* _INSTRUCTIONS FOR THE TASK_
If a picture appears in the records, leave it out and transcribe the rest exactly.

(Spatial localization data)
[Start of section]

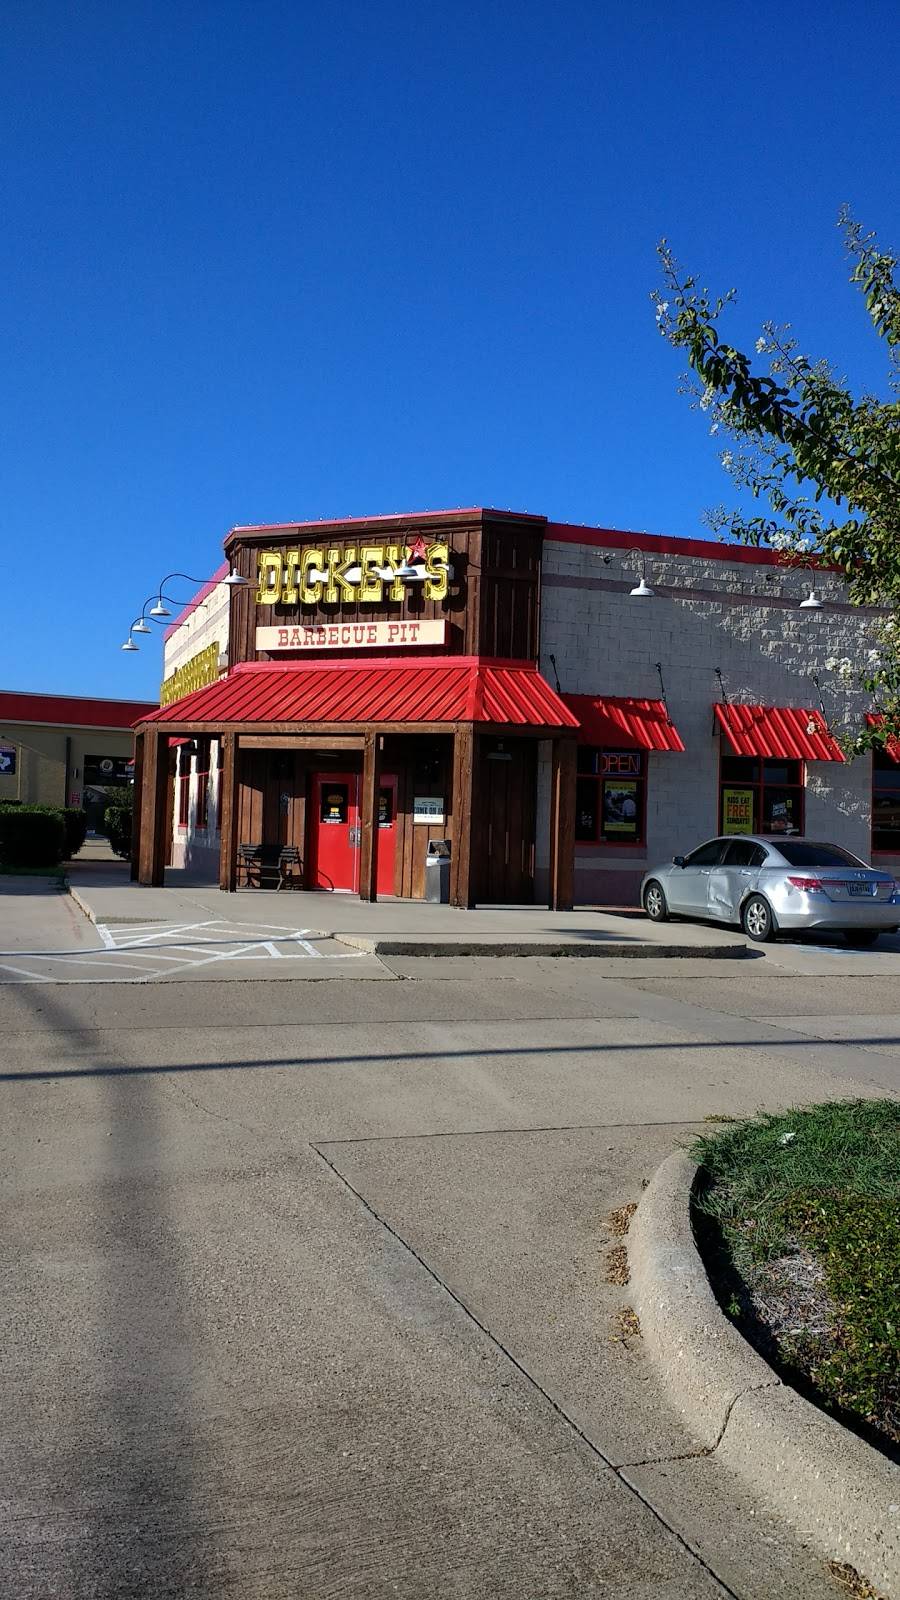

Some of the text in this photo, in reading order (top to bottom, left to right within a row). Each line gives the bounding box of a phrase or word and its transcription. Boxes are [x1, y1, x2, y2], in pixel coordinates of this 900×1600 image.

[256, 542, 449, 605] DICKEY'S
[278, 623, 420, 647] BARBECUE PIT
[599, 754, 639, 773] OPEN
[727, 804, 750, 817] FREE

[End of section]

* _SOLUTION FOR THIS TASK_
Some of the text in this photo, in reading order (top to bottom, left to right within a row). Each line gives the bounding box of a phrase or word and its transcription. Boxes are [x1, y1, x2, y2], in pixel coordinates of this 900×1600 image.

[256, 542, 449, 605] DICKEY'S
[278, 623, 420, 647] BARBECUE PIT
[599, 754, 639, 773] OPEN
[727, 804, 750, 817] FREE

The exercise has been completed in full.